Congress recently passed the 2019 National Defense Authorization Act (NDAA), which includes a section on prohibitions of certain telecommunications and video surveillance equipment (Sec. 889). The bill is expected to be signed into law by the President shortly.
The bill's prohibitions explicitly cover the use of ZTE and Huawei telecommunications equipment and services and video surveillance equipment of several other manufacturers, in government procurements as well as in government-funded projects. In addition, the provision's prohibitions also cover telecommunications equipment and services and video surveillance equipment of any entity that the Secretary of Defense believes is owned or controlled by or connected with China.

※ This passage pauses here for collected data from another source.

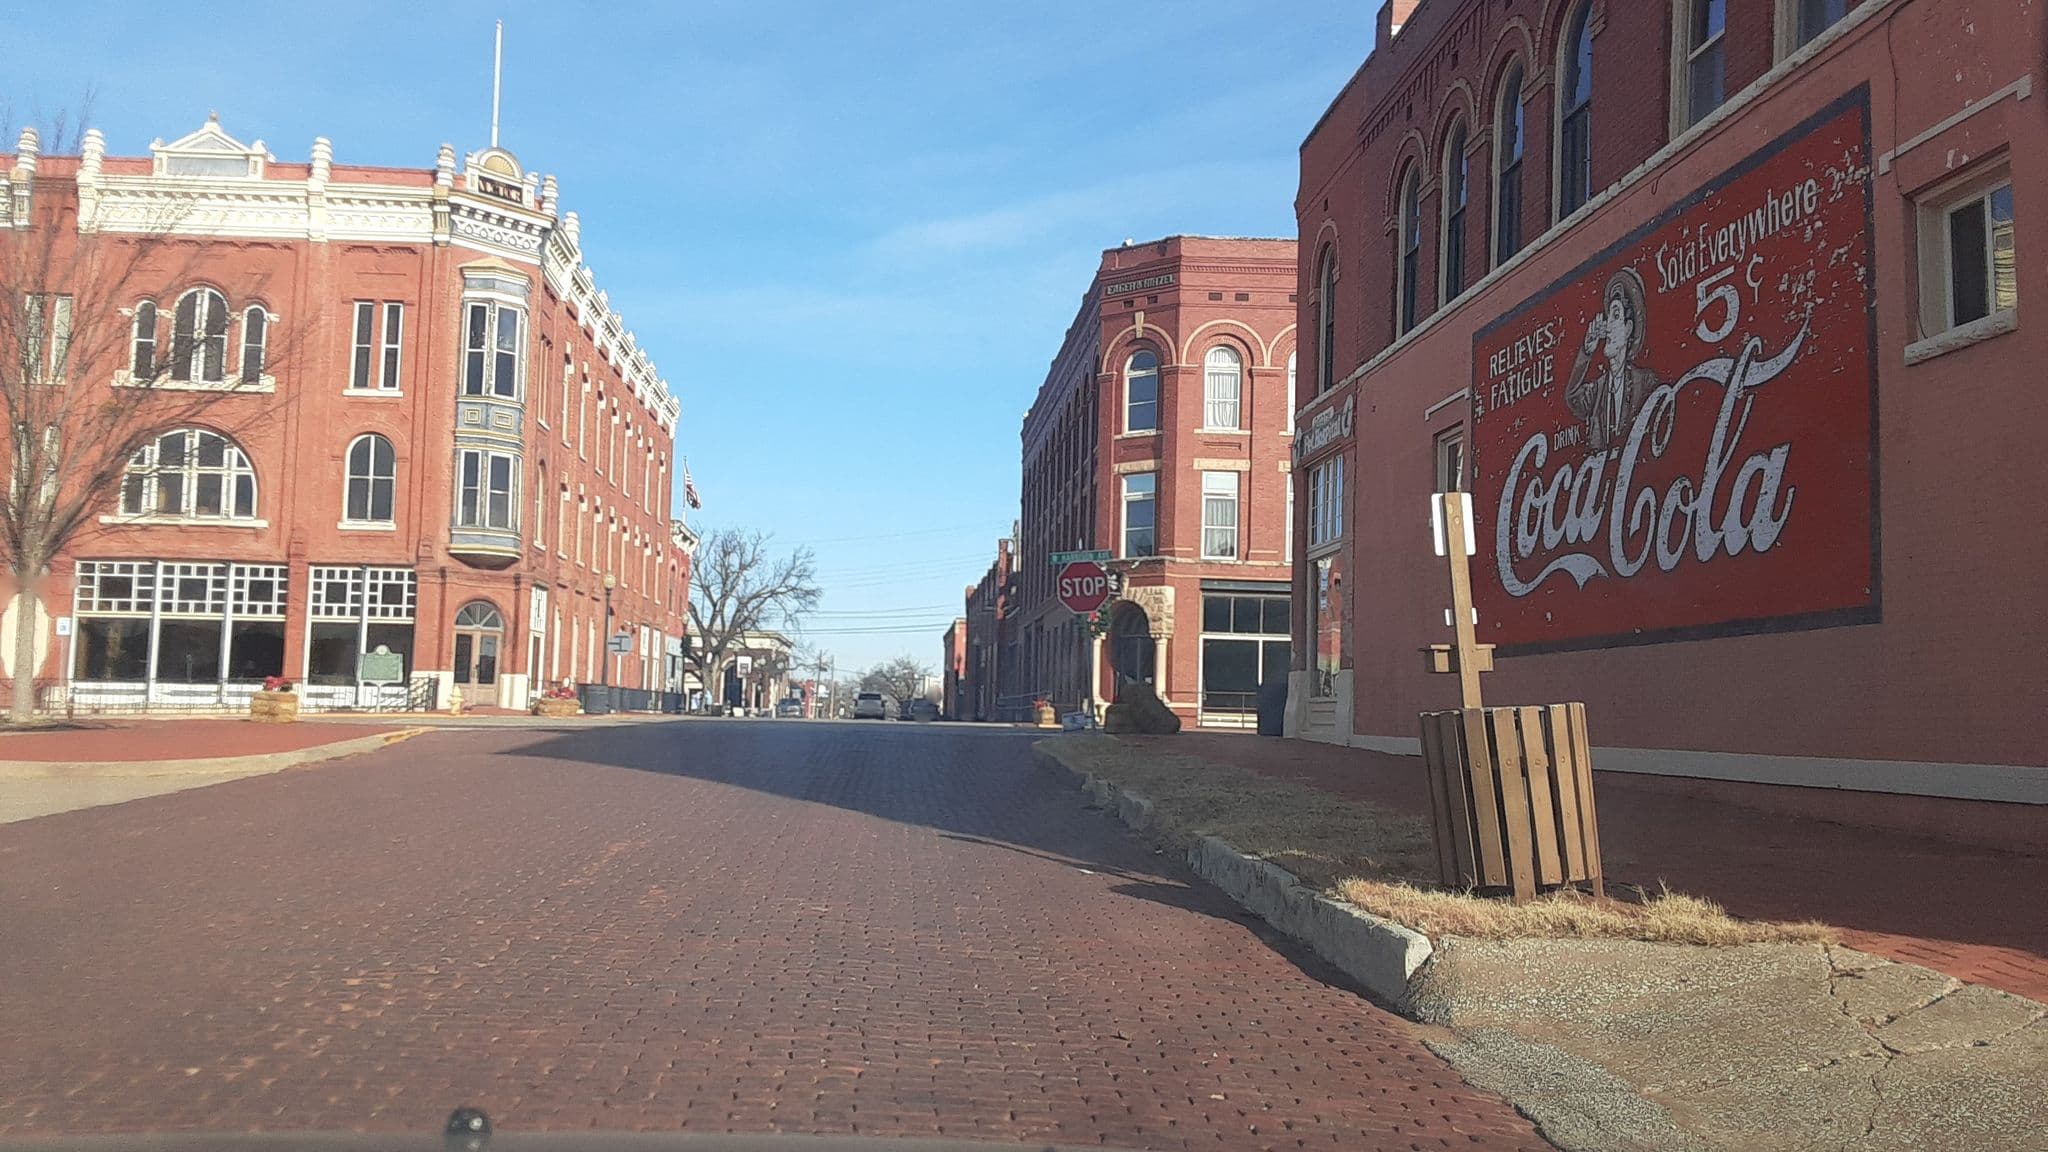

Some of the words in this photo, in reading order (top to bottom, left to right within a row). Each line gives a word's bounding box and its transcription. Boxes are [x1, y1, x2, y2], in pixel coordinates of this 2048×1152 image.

[1698, 177, 1819, 273] Everywhere
[1489, 322, 1555, 379] RELIEVES
[1490, 354, 1555, 411] FATIGUE
[1553, 425, 1581, 451] DRINK
[1061, 577, 1105, 597] STOP
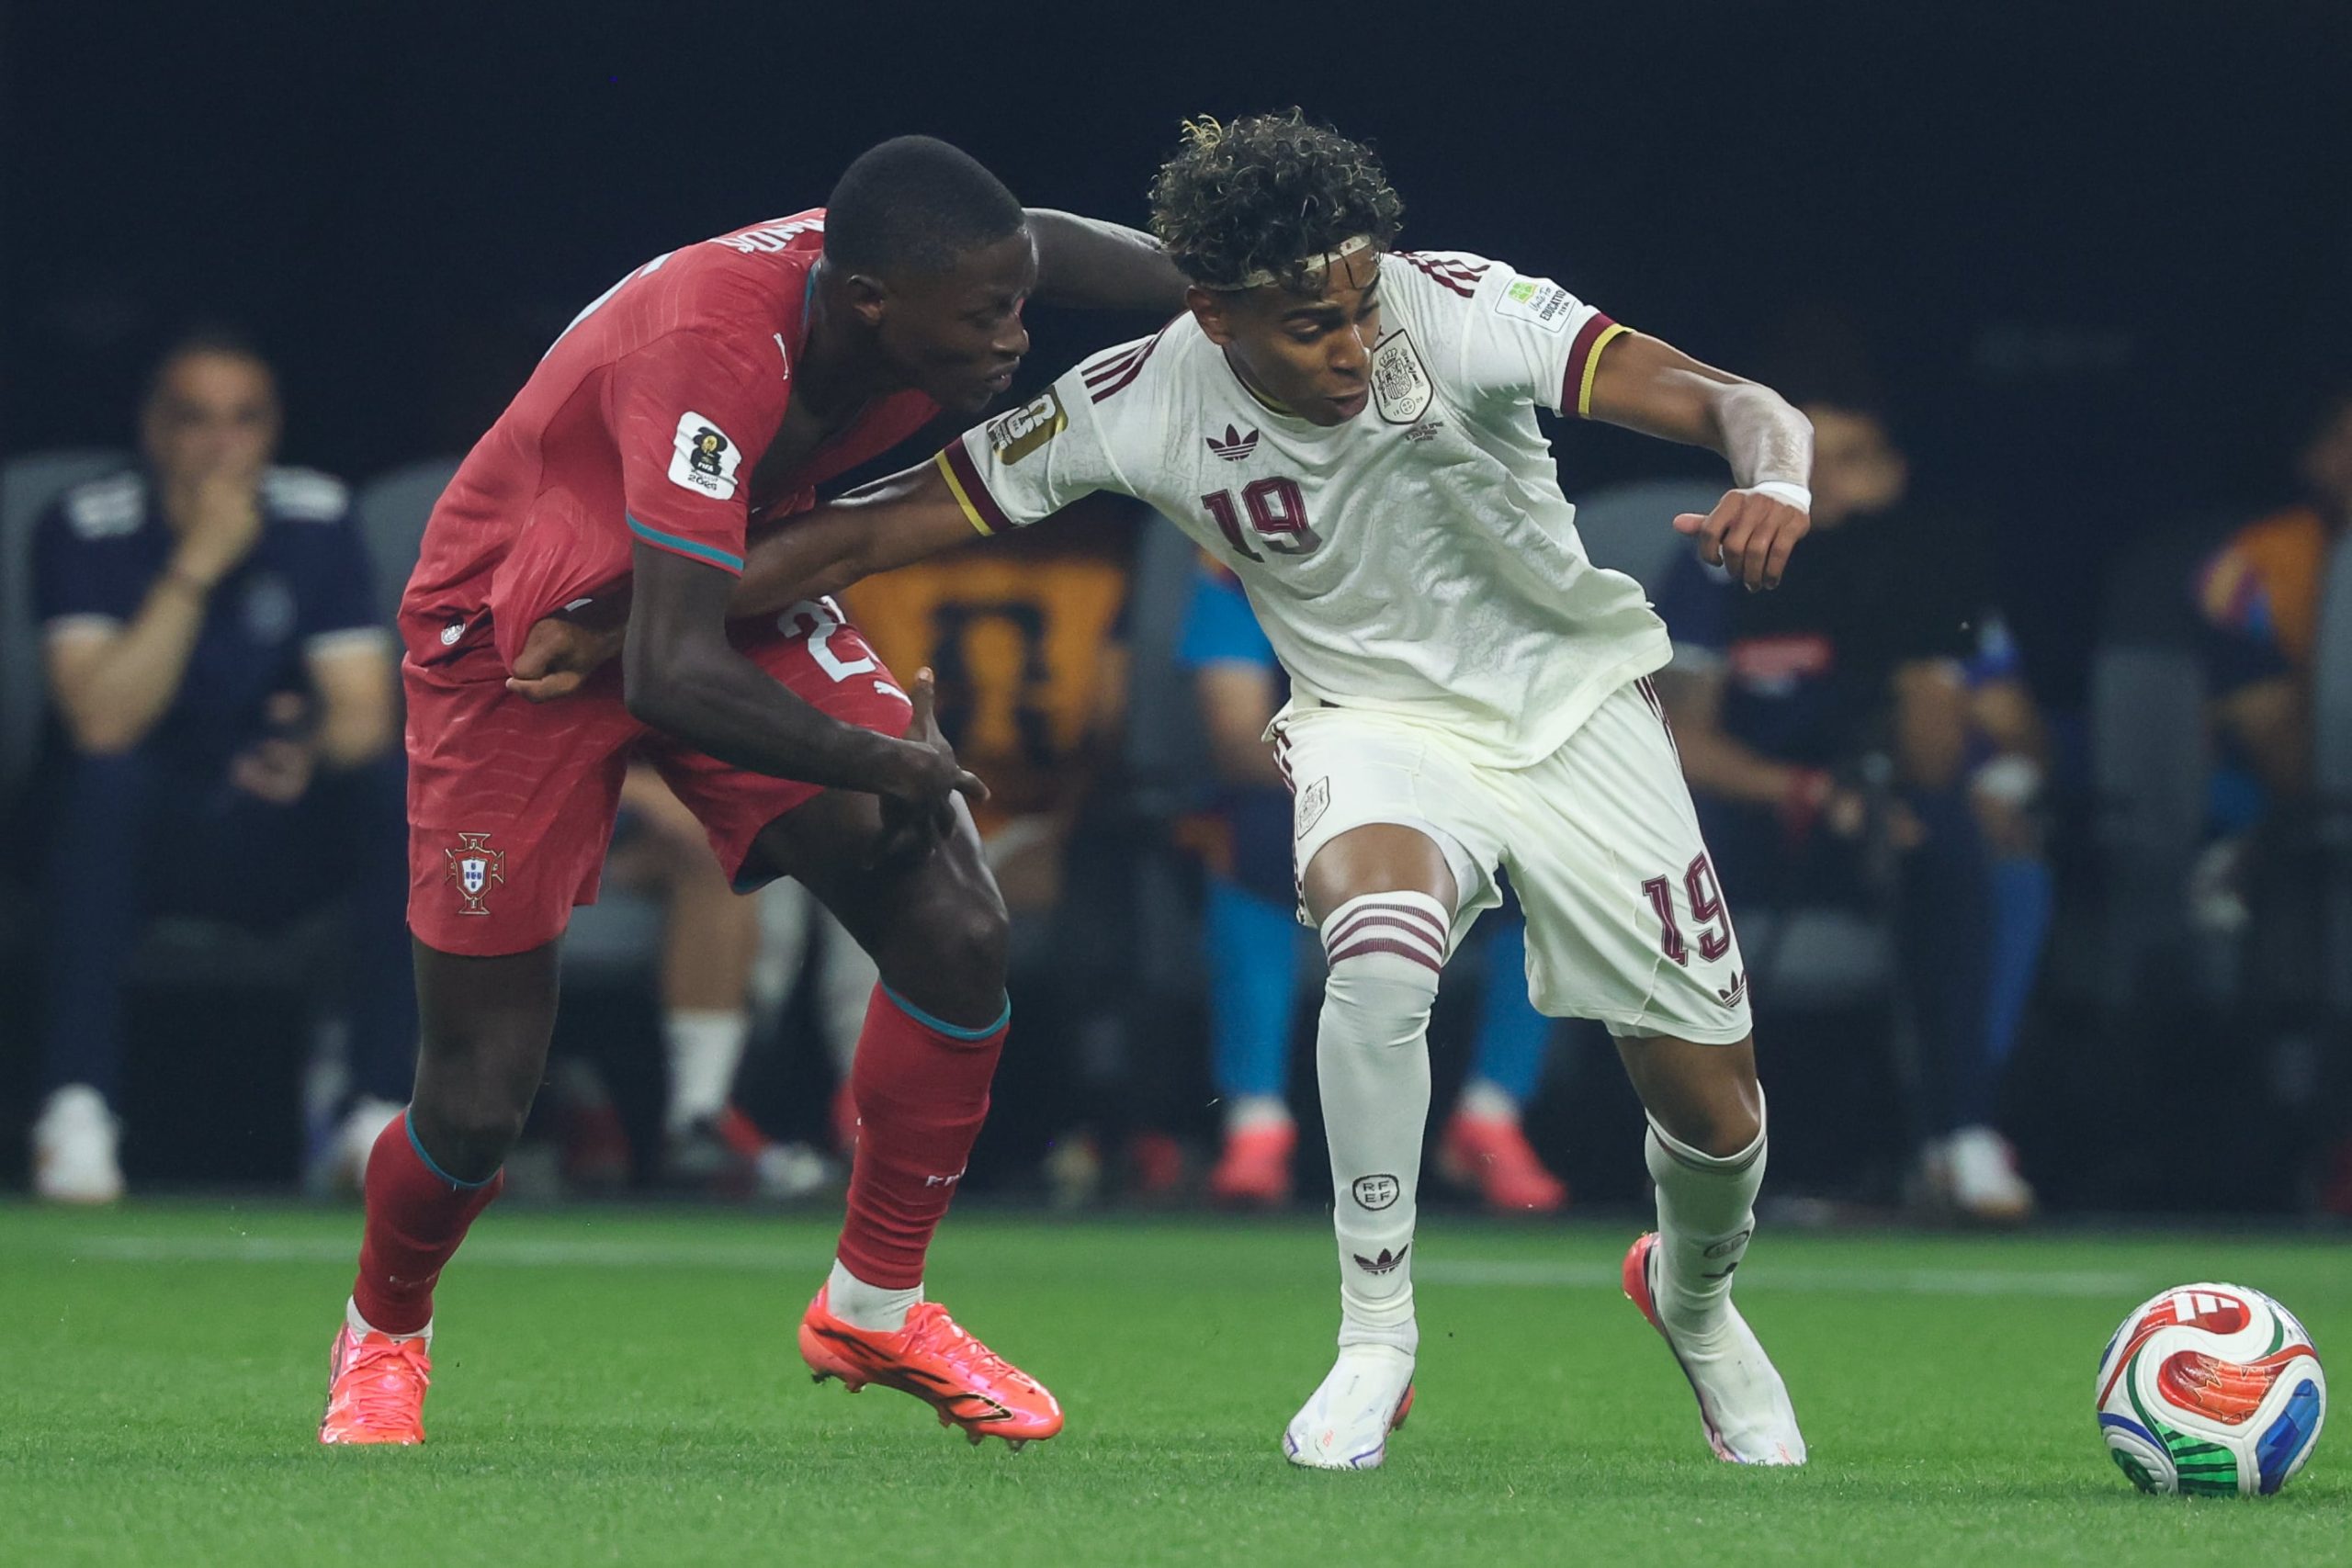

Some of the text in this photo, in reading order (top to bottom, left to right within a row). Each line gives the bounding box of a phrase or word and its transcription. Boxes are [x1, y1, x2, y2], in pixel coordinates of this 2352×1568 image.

Here's a very quick overview.
At a high level, the provision prohibits government agencies from (1) procuring or extending contracts for "covered telecommunications equipment or services" effective 1 year from enactment (2) or making loans or grants used in the procurement of covered telecommunications equipment or services, effective 2 years from enactment. Our understanding is that the loan/grant prohibitions would apply to a host of government programs used to fund telecom and broadband-related infrastructure such as the Rural Utilities Service telecom and broadband programs and FCC universal service funding programs.
Covered equipment and services are initially limited to telecom equipment produced by Huawei and ZTE, and video surveillance and telecom equipment produced by Hytera Communications, Hangzhou Hikvision Digital Technology Co. and Dahua Technology Co. Importantly, however, the legislation specifically authorizes the Secretary of Defense, in consultation with the Director of National Intelligence or the Director of the FBI, to add the telecommunications or video surveillance equipment or services of any entity the Secretary believes to be owned or controlled by or otherwise connected to China. Obviously it is this last provision that is the greatest concern to Chinese manufacturers in the telecom and video surveillance space, as it potentially extends the coverage of the prohibitions to other Chinese-related entities that provide telecom or video surveillance equipment or services, with little definition and no specified process.
For companies receiving government funding or grants that use covered equipment in their networks, the provision also includes a section that directs funding agencies to prioritize available funds to assist companies in transitioning from prohibited equipment to replacement equipment. The provision also includes a few exceptions, including one that exempts the equipment of third party providers that have wireless roaming, backhaul, interconnection and similar arrangements with entities that have government contracts or government grants or loans. The section also makes provision for a couple of different waivers by agency heads, as well as by the Director of National Intelligence.